In general, companies have limited resources and need to prioritize and optimize how they invest those resources over time to reach milestones, evolve and grow. A well run budget process helps management teams work together to sets clear goals and expectations around revenue and cost results (among other things) over time. This process also helps tee up management discussions and decisions on strategic choices and tradeoffs.
But having a budget in place is not very valuable if you don’t regularly check progress against the budget (in all areas not just costs). I am a big believer in investing in an efficient monthly close process – my typical target is 5 business days for a private company – and then in getting a detailed monthly reporting package out to the management team and other key budget owners in another 1 to maybe 2 business days.
The basic building blocks of a robust but simple reporting package are a series of variance analyses that show actual results versus budget for key financial and operational metrics on a month to date, quarter to date and year to date basis.
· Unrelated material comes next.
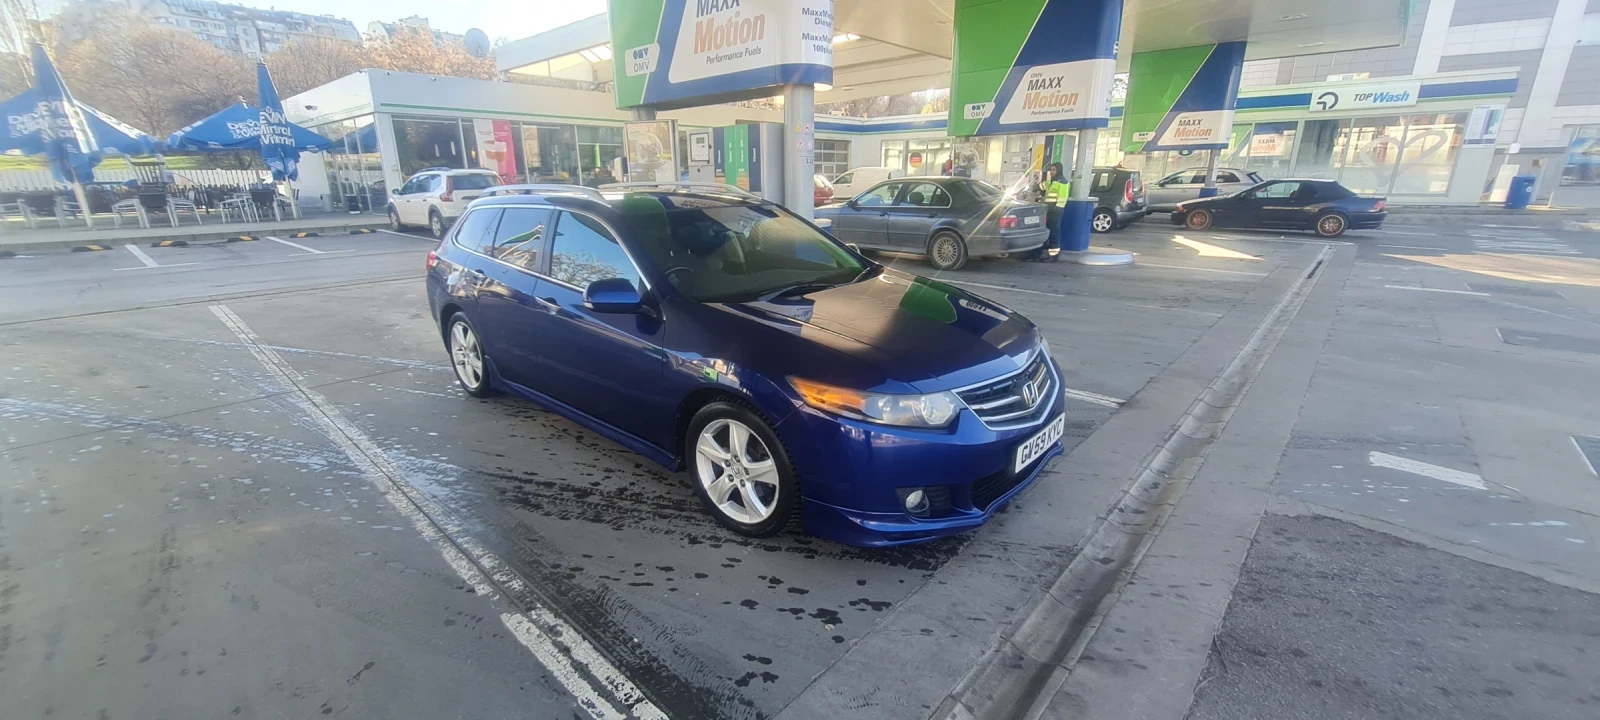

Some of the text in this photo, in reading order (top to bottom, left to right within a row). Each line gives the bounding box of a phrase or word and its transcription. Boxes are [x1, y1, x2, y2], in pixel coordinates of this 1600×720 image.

If a monthly reporting package is good, it can help managers/leaders:
Understand key business drivers and how they impact the business generally (e.g., if I hire more sales reps, it will increase costs by $X, Revenue by $Y and the net results to cash flow will be $Z.
Understand results, variances, trends and importantly how these things impact the future financial results or expectations of the business (e.g., if you spend more than plan and you are not yet cash flow positive, it is very important to understand how changes in performance will impact when you run out of cash).
Revisit strategic decisions as they learn more about their business and related assumptions each month.
Hold managers and budget owners accountable, an extreme example is paying for performance (e.g., paying out commissions based upon hitting revenue or regional profitability targets).